## What you are asked to do
Below are the records to retype. Keep every character exactly and leave out the pictures.

## Record excerpts
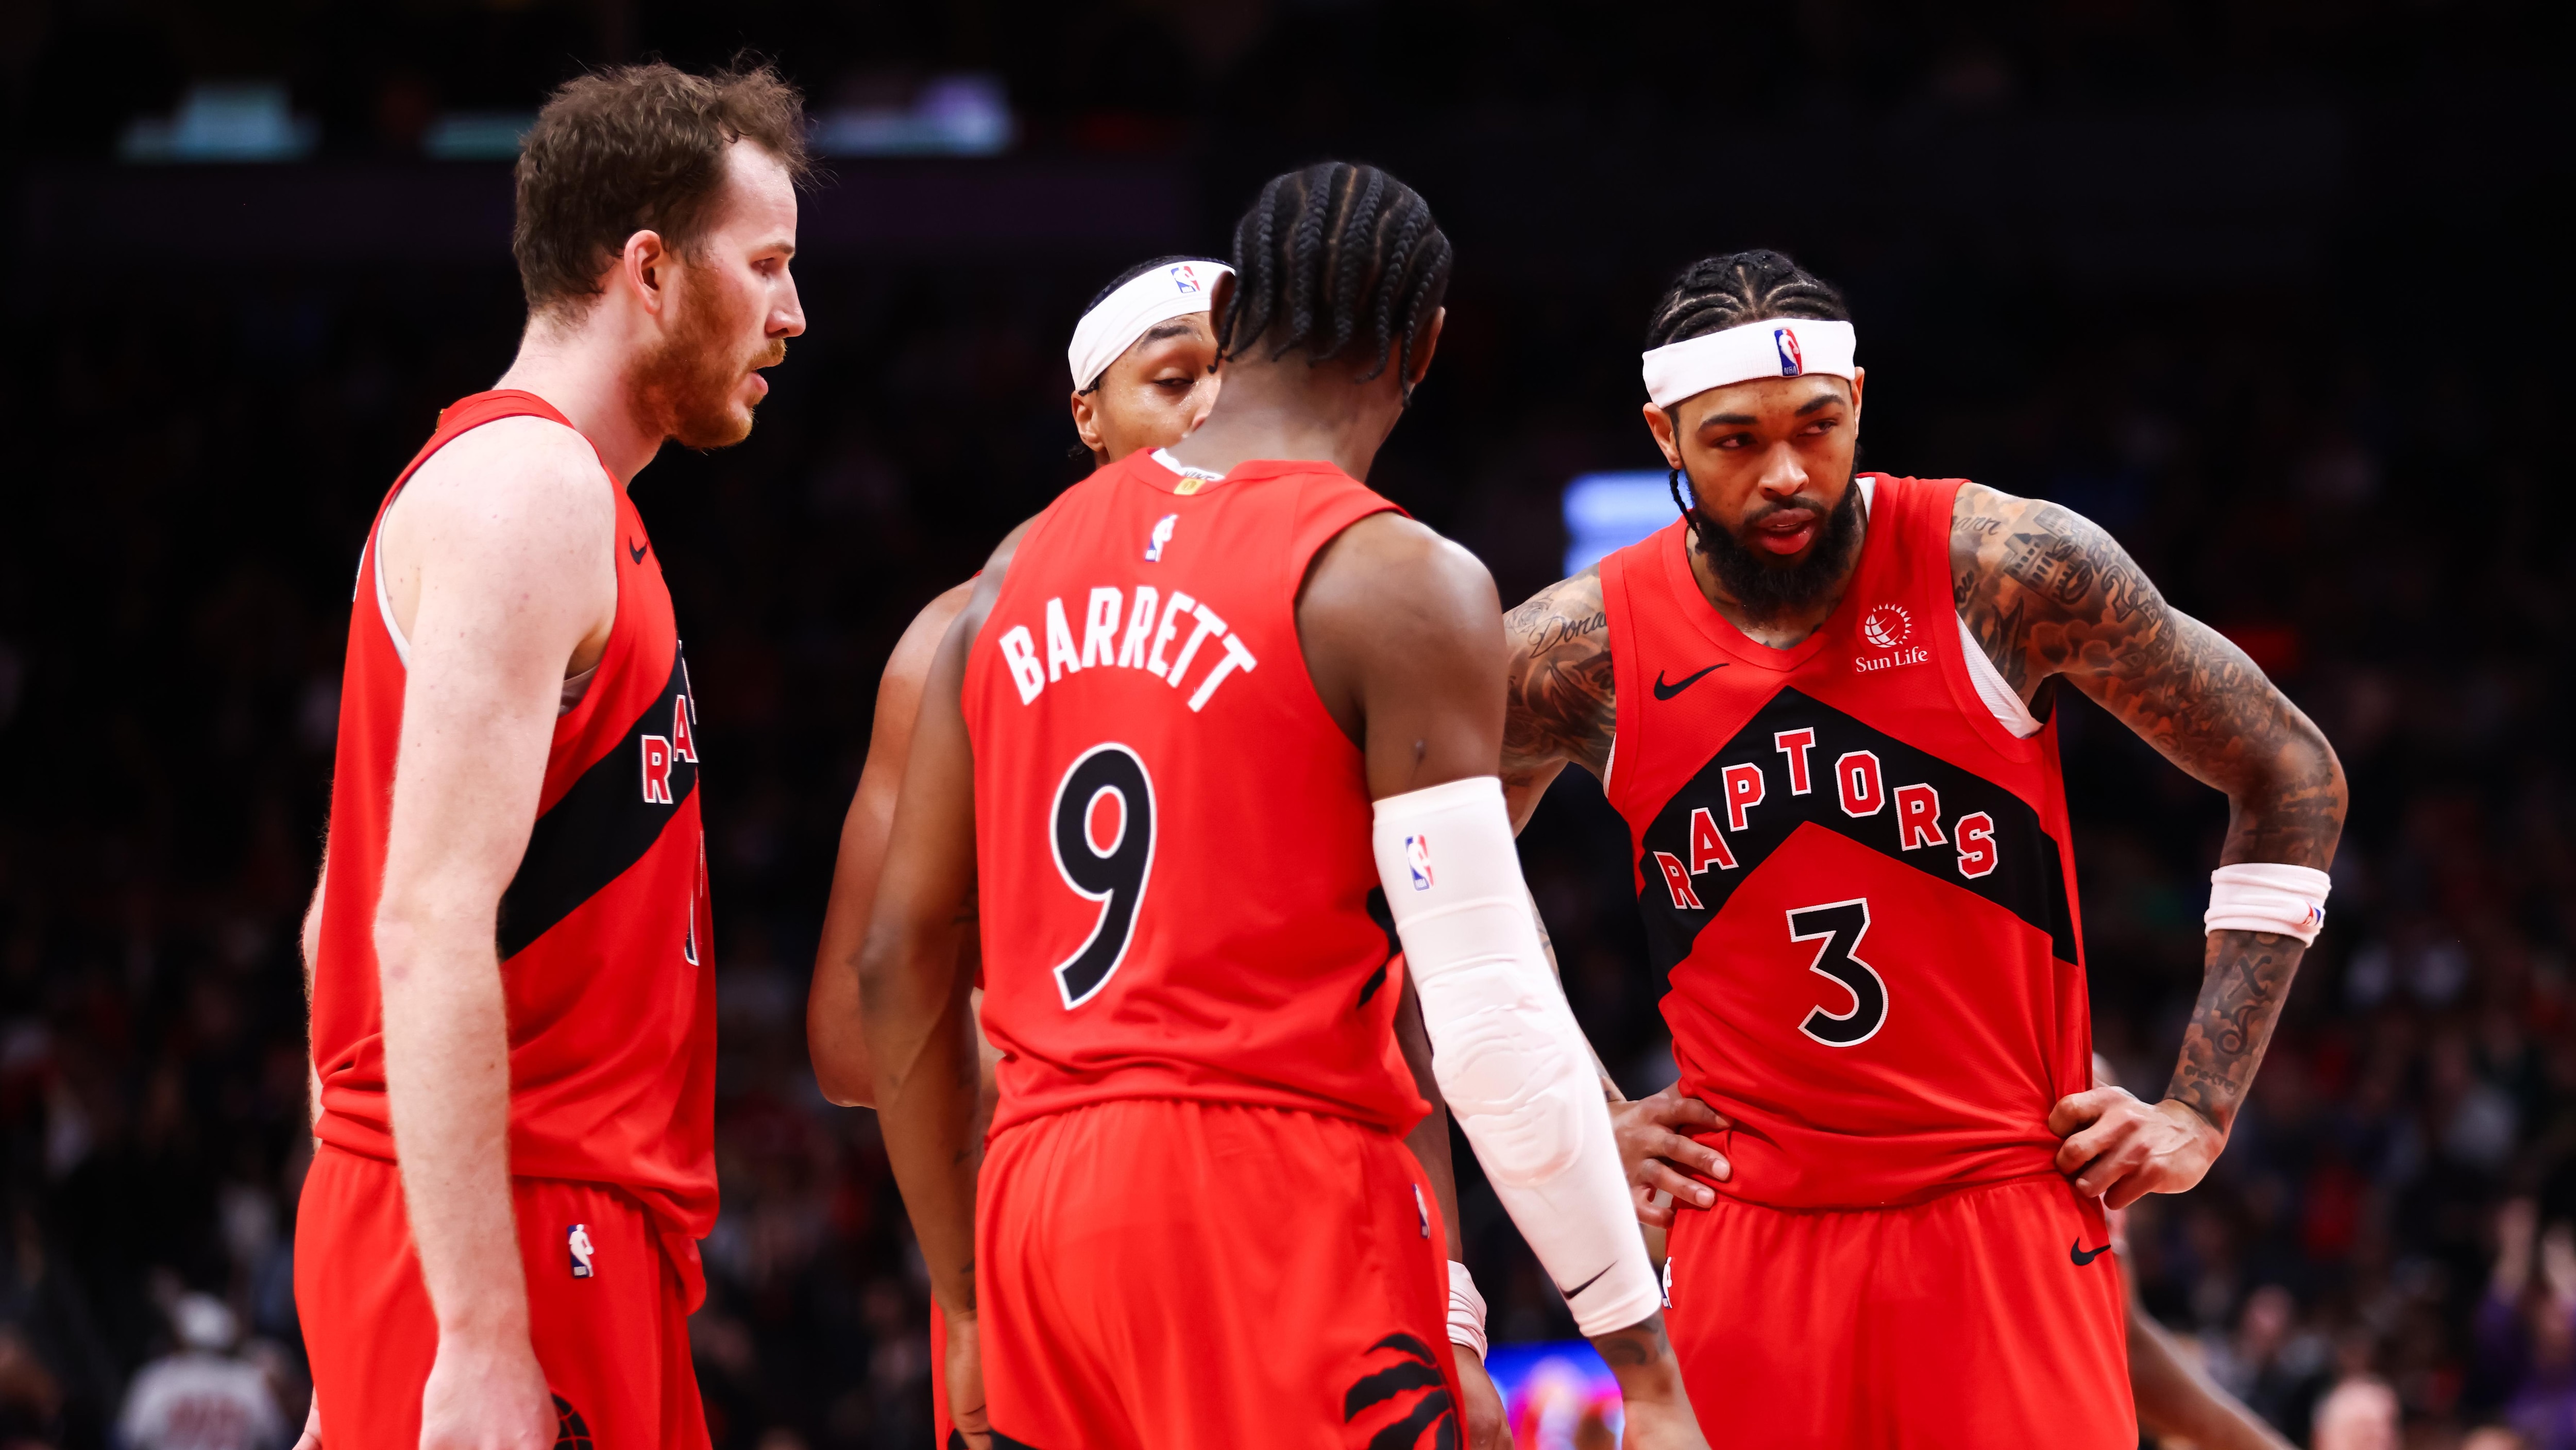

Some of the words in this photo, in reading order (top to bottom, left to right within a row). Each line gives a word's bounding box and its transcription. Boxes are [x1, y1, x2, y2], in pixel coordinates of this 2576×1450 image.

[1784, 366, 1797, 375] NBA
[999, 585, 1258, 713] BARRETT
[1528, 611, 1607, 659] Dona
[1855, 656, 1891, 672] Sun
[1893, 646, 1928, 666] Life
[641, 657, 700, 804] RA
[1050, 742, 1158, 1010] 9
[1653, 727, 1998, 910] RAPTORS
[1786, 898, 1889, 1048] 3

## Answer space
Some of the words in this photo, in reading order (top to bottom, left to right within a row). Each line gives a word's bounding box and its transcription. Boxes are [x1, y1, x2, y2], in pixel coordinates of this 2576×1450 image.

[1784, 366, 1797, 375] NBA
[999, 585, 1258, 713] BARRETT
[1528, 611, 1607, 659] Dona
[1855, 656, 1891, 672] Sun
[1893, 646, 1928, 666] Life
[641, 657, 700, 804] RA
[1050, 742, 1158, 1010] 9
[1653, 727, 1998, 910] RAPTORS
[1786, 898, 1889, 1048] 3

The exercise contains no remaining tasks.